- **What to produce**: No pictures in the copy. Write out the listing below exactly.

○ ○ ○ ○ ○ ○ ○

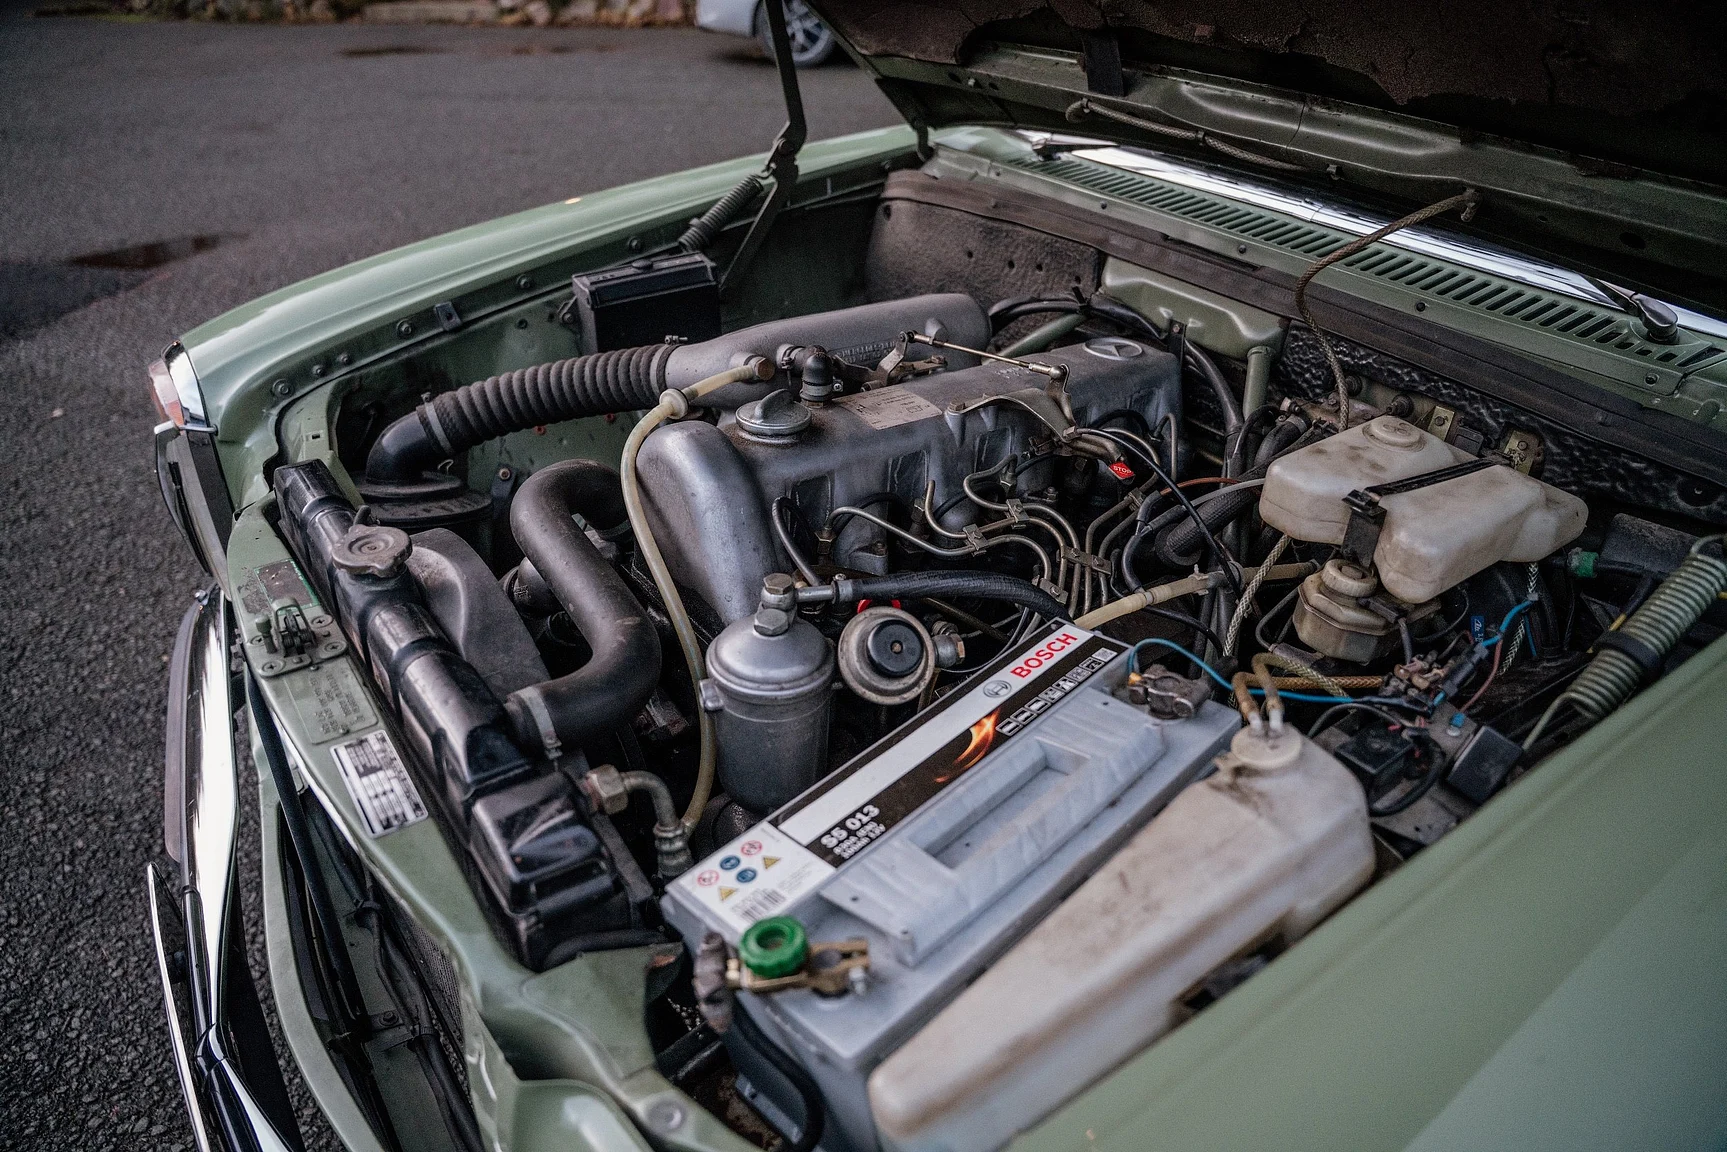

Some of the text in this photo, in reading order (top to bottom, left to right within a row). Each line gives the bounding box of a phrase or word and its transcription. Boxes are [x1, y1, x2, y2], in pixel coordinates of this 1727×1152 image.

[1010, 633, 1078, 678] BOSCH
[820, 827, 848, 848] S5
[845, 804, 880, 830] 013
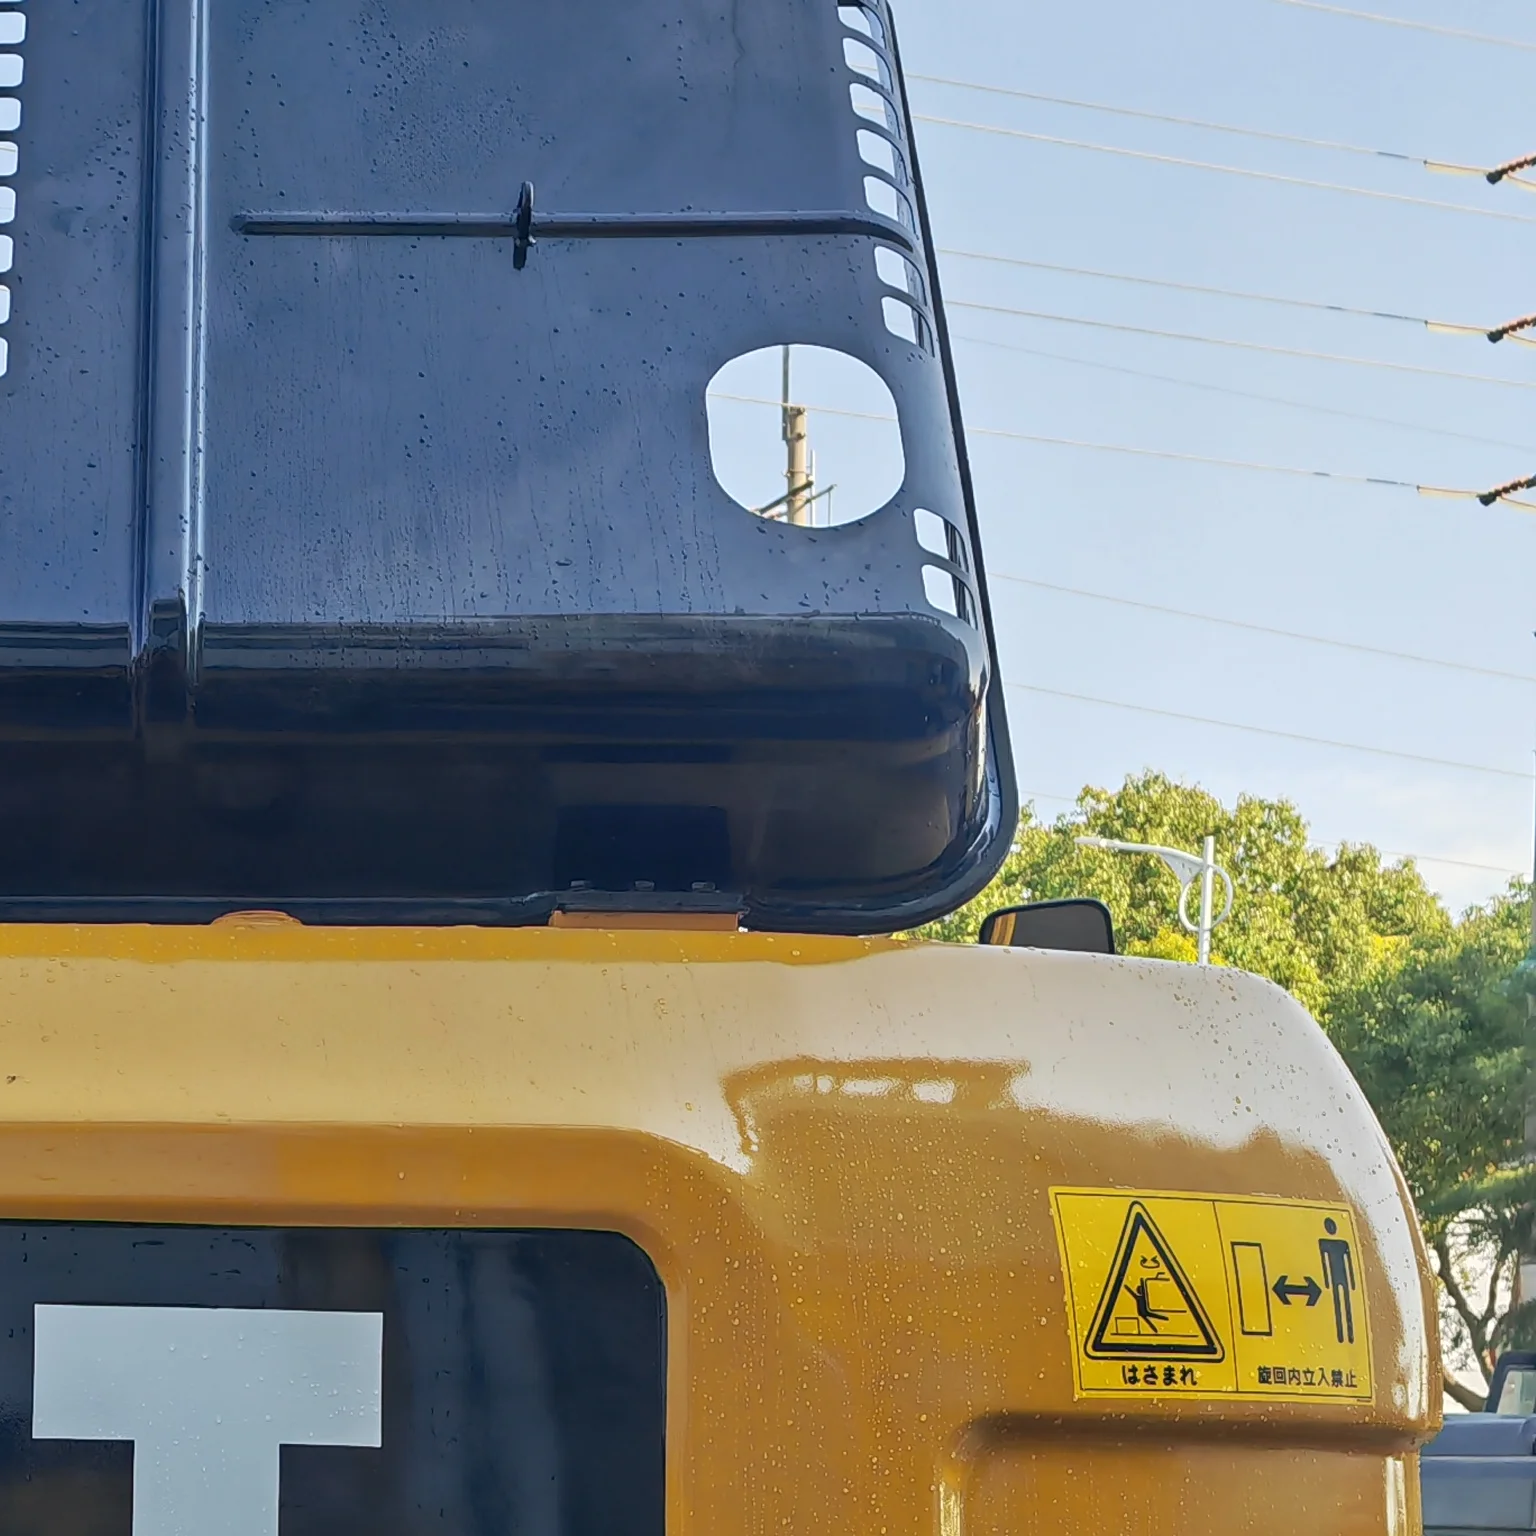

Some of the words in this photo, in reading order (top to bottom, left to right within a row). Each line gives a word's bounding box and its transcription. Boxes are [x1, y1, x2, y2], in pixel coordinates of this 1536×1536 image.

[1122, 1365, 1197, 1385] はさまれ
[1258, 1366, 1357, 1388] 旋回内立入禁止

○ ○ ○ ○ ○ ○ ○

- **Answer to this exercise**:
Some of the text in this photo, in reading order (top to bottom, left to right within a row). Each line gives the bounding box of a phrase or word and its transcription. Boxes are [x1, y1, x2, y2], in pixel coordinates of this 1727×1152 image.

[1010, 633, 1078, 678] BOSCH
[820, 827, 848, 848] S5
[845, 804, 880, 830] 013

Some of the words in this photo, in reading order (top to bottom, left to right within a row). Each line gives a word's bounding box and its transcription. Boxes are [x1, y1, x2, y2], in pixel coordinates of this 1536×1536 image.

[1122, 1365, 1197, 1385] はさまれ
[1258, 1366, 1357, 1388] 旋回内立入禁止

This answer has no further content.